Although I was not involved in creating the Advanced Placement Computer Science test—I did eventually contribute test questions to Educational Testing Service for the test—I was a grader of the test for the first few years. This was a very gratifying enterprise, but the actual grading made one feel like a bureaucrat in a very large bureaucracy. The experience gave me insight into how one could maximize one’s score, however. I wrote this article in 1986 for a newsletter for computing teachers (citation).
 

The free-response portion of the Advanced Placement test in Computer Science (APCS test) is difficult, particularly in light of the time allowed for its completion. Doubtless even experienced programmers might find it hard to achieve full or nearly full credit. Scores can be improved, however, by applying good test-taking strategy, by employing specific techniques applicable to programming generally, and by using common sense.

I offer below some practical test-taking advice to students planning to sit for the APCS test, given from the point of veiw of a Reader of that examination. Application of these suggestions will not compensate for poor preparation, of course, but it should help students improve their scores by helping them show more clearly what they know and what they can do. Much of my advice can be applied to any of the free-response questions, though some of it is specific to problems requiring Pascal code. In fact, many of these ideas can be applied by any student taking a test on which code is called for. I conclude with some related suggestions for teachers of the APCS course.
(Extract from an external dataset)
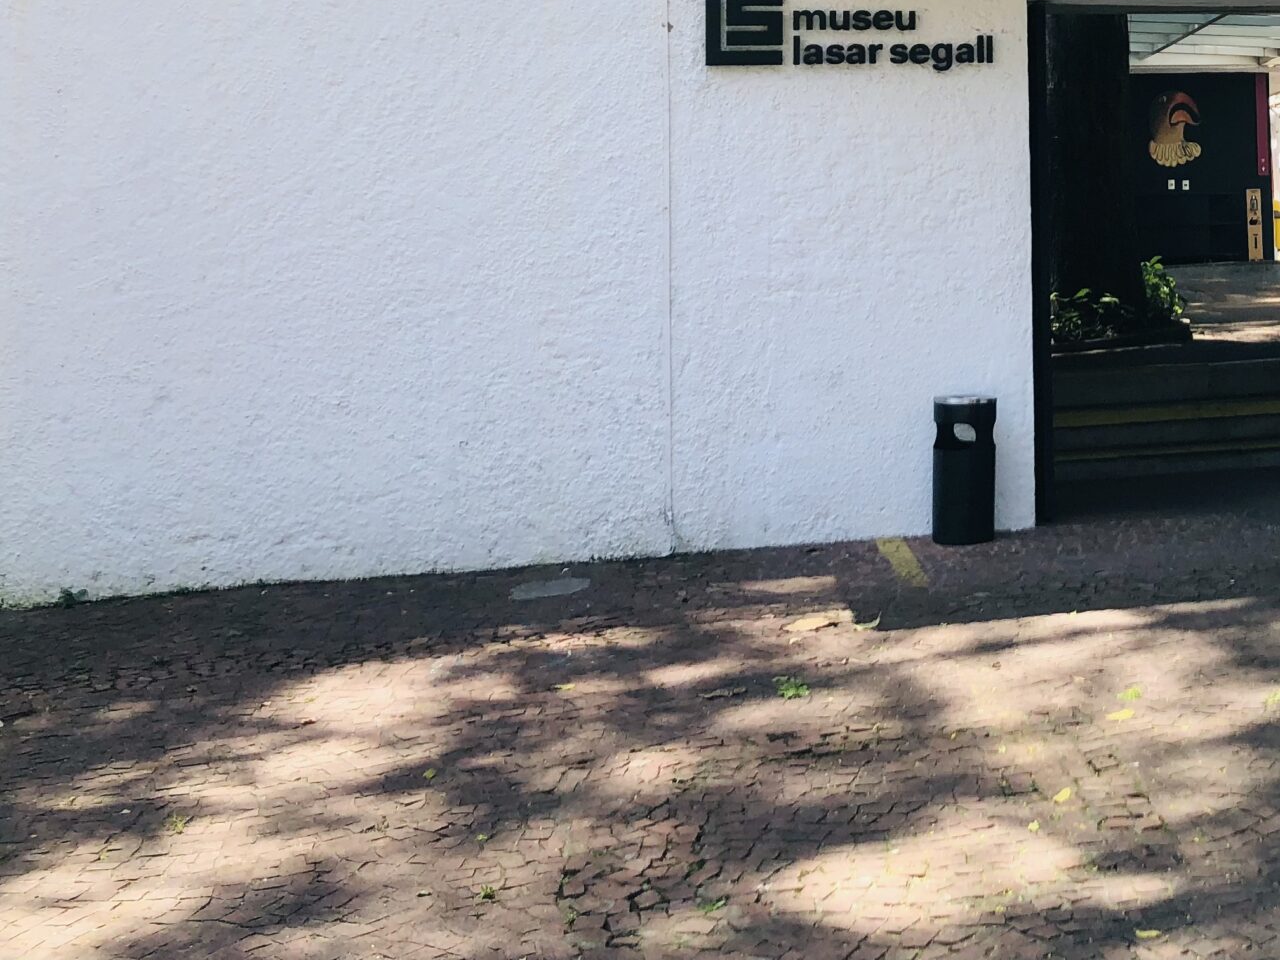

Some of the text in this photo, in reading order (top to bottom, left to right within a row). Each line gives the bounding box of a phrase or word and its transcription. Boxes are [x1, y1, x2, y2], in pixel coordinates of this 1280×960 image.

[792, 8, 917, 32] museu
[792, 34, 994, 72] lasar segall
Advice to Students: How to Score As High As Possible

My first piece of advice is a standard test-taking suggestion—read all the problems before answering any of them. This advice is practical for the free-response section of the APCS test, as there are only a handful of problems. Although questions are sometimes easier or more difficult than they first appear, a quick appraisal of the entire test usually will allow you to make a reasonable estimate of how much time and effort you should devote to each item. Since all questions on the test are weighted equally, it makes sense to answer the easier ones first. Having an overview of the examination will help you avoid spending too much time on any problem, thereby leaving too little time for the remaining ones. Checking over the entire test booklet also provides insurance against difficulties resulting from very rare (but not unknown) printing errors. Identifying duplicate or missing pages immediately can save valuable time. When you eventually read a question in order to answer it, you will be giving that problem a second reading, and you should be better prepared to provide a correct response than if you had read it but once.
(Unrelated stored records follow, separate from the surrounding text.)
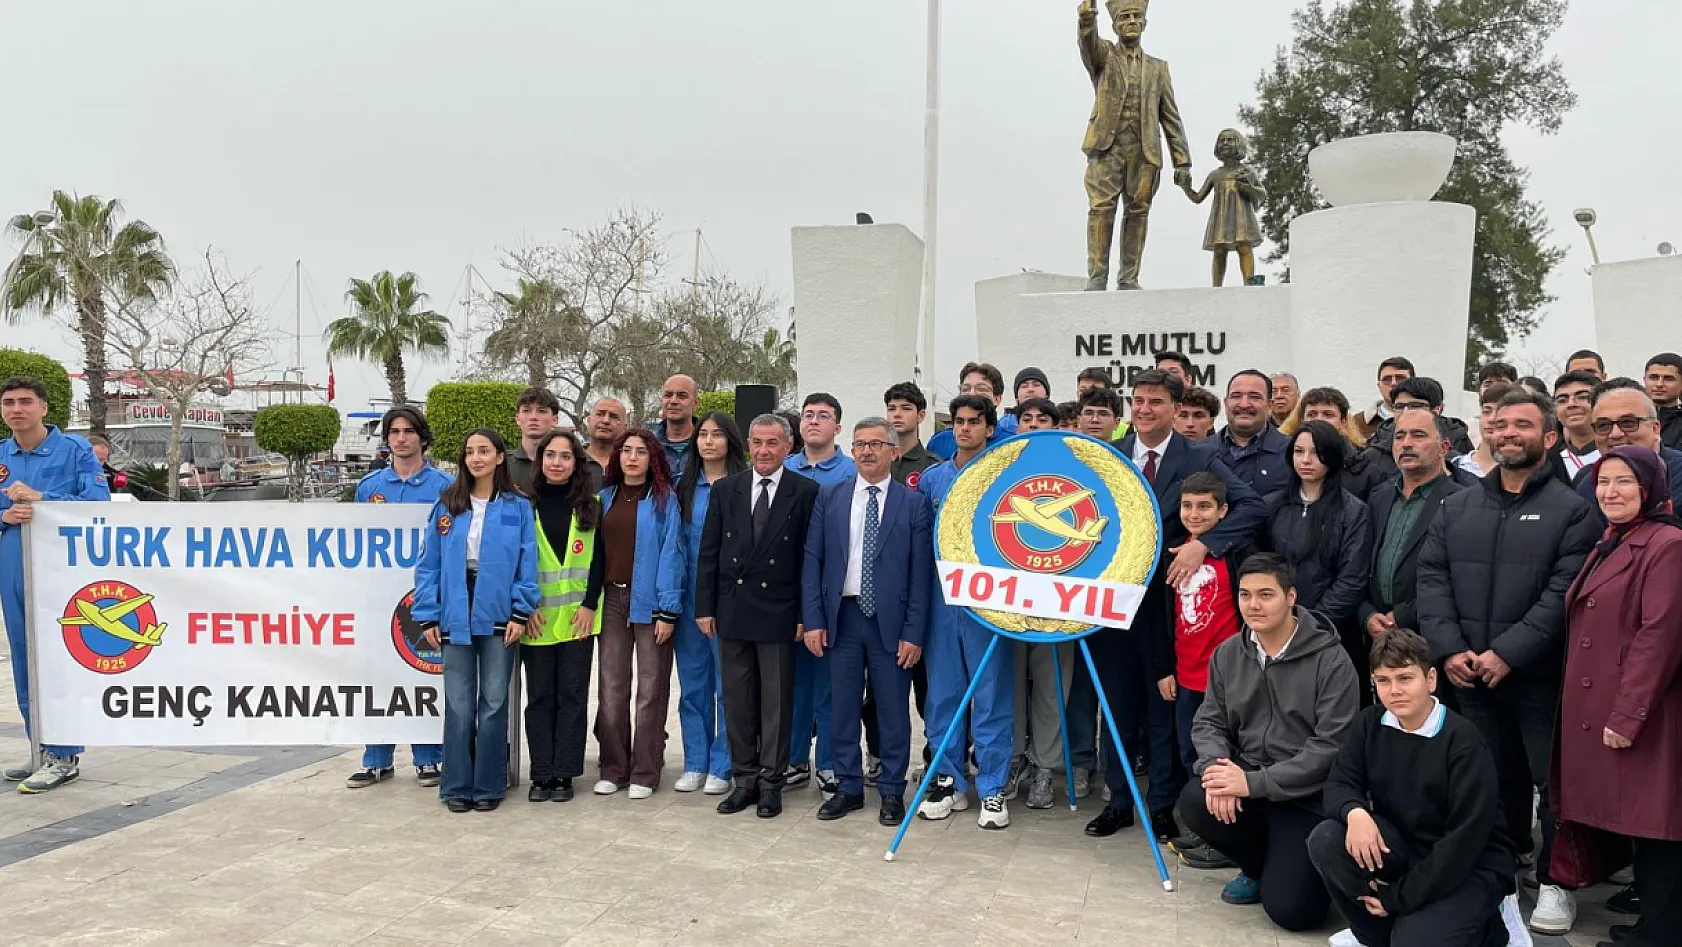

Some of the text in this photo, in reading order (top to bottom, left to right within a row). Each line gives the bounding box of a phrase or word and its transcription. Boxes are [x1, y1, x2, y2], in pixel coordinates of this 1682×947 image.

[1075, 331, 1226, 356] NE MUTLU
[181, 407, 221, 423] aptan
[58, 517, 427, 568] TÜRK HAVA KURU
[1025, 555, 1063, 568] 1925
[945, 568, 1127, 621] 101. YIL
[187, 605, 355, 646] FETHİYE
[96, 657, 127, 671] 1925
[102, 685, 440, 726] GENÇ KANATLAR
Allocation of your time among the problems should be influenced not only by your appraisal of your own capabilities and problem difficulties, but also by your knowledge of the test as a whole. The examination is designed to measure a broad range of knowledge and skill, as outlined in the booklet “AP Course Description in Computer Science.” Individual questions have specific primary objectives, however, and can be expected to be scored with different emphases. For a question requiring the writing of a brief, straightforward program, you can reasonably expect that errors of syntax, documentation, formatting, or modular design will be heavily penalized. Such mechanics will likely be given only minor scoring emphasis on a problem requiring you to generate and implement a complex algorithm. Keep these matters in perspective. Avoid doing a slapdash job on an easy problem or spending excessive time converting a good response to a difficult problem into a splendid one.
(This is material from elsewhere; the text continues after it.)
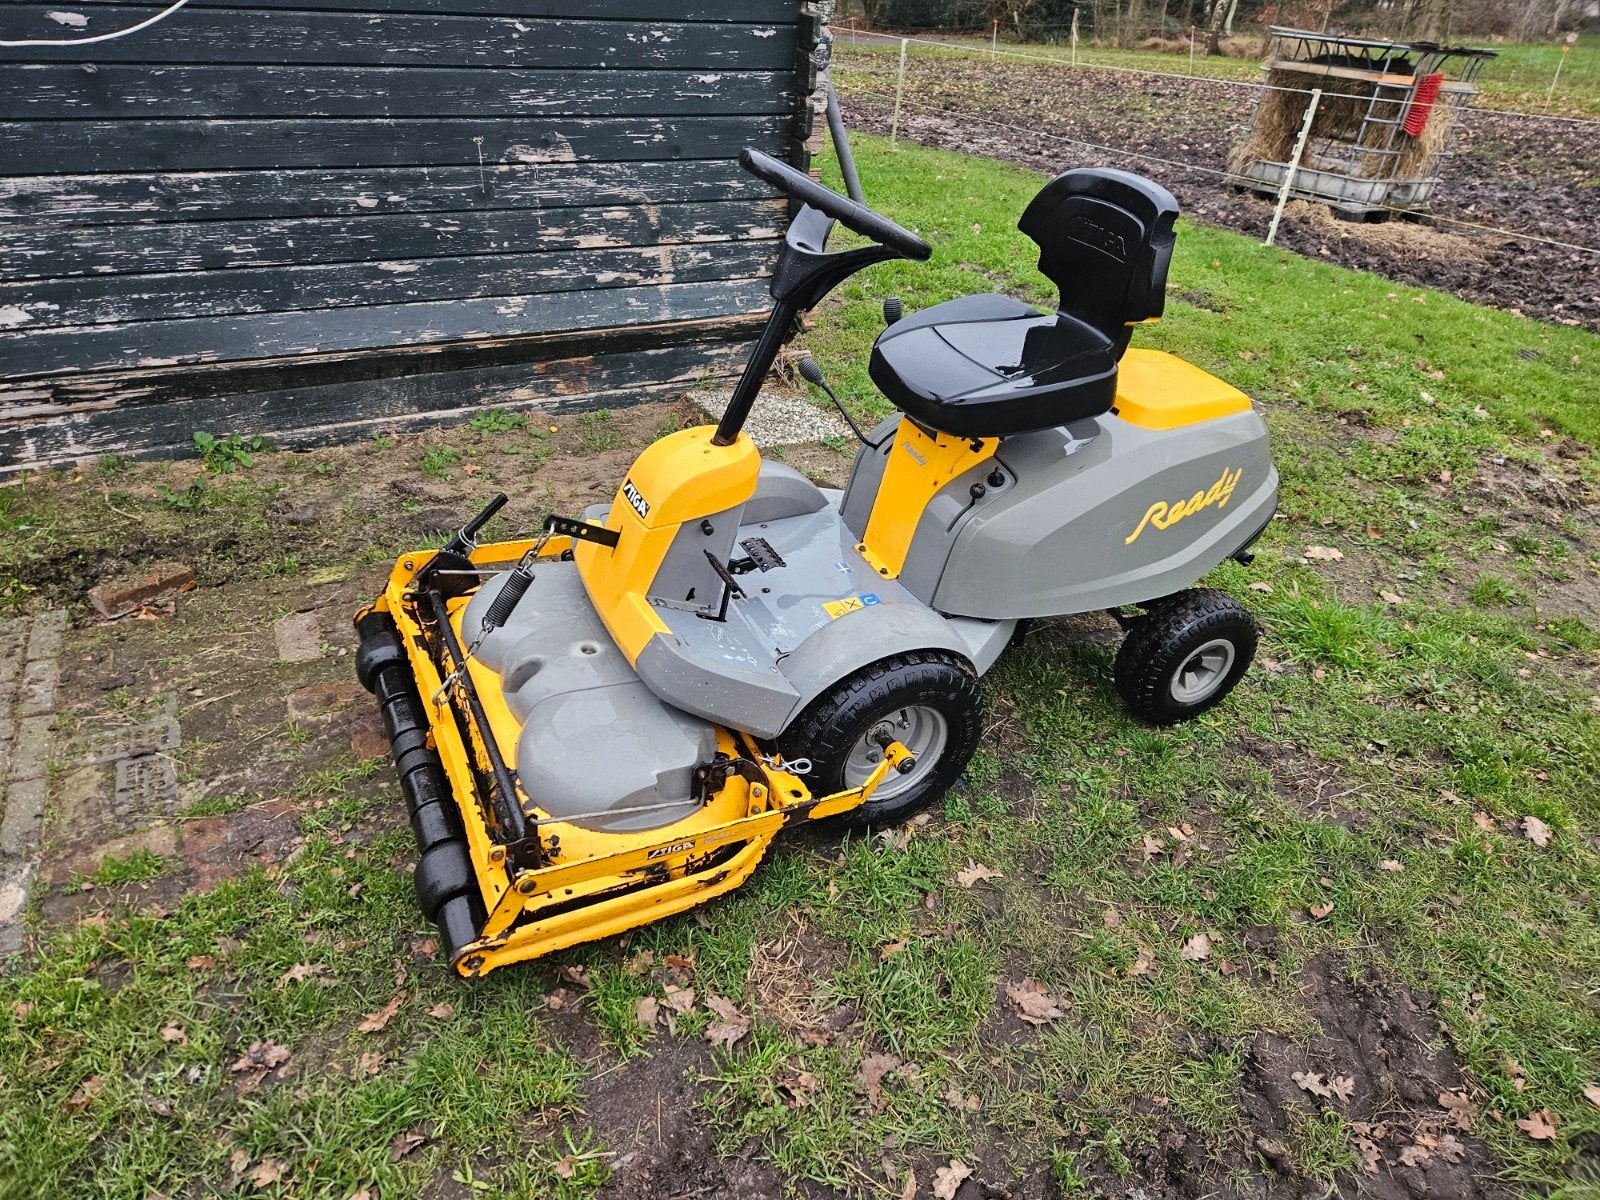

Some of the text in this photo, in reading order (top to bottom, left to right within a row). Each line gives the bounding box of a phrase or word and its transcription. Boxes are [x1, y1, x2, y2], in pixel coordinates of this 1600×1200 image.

[623, 483, 647, 518] STIGA
[1125, 466, 1242, 545] Ready
[648, 840, 695, 860] STIGA
It is sometimes helpful to ask what the test writers seem to be looking for. Although you have a right to expect that questions be reasonably explicit, many questions in the past have stopped short of saying “write it this way,” yet have strongly implied that some particular technique (such as writing a likely-to-be-changed calculation as a function) is to be used. You are well-advised to take obvious hints and not seek perverse rationale for alternative approaches. In particular, an argument can almost always be made for not using procedures or functions in the short fragments of code required on the APCS test. Since you will not be around to state your case when your answer is being scored, however, modularize your code if the question at all suggests that you should.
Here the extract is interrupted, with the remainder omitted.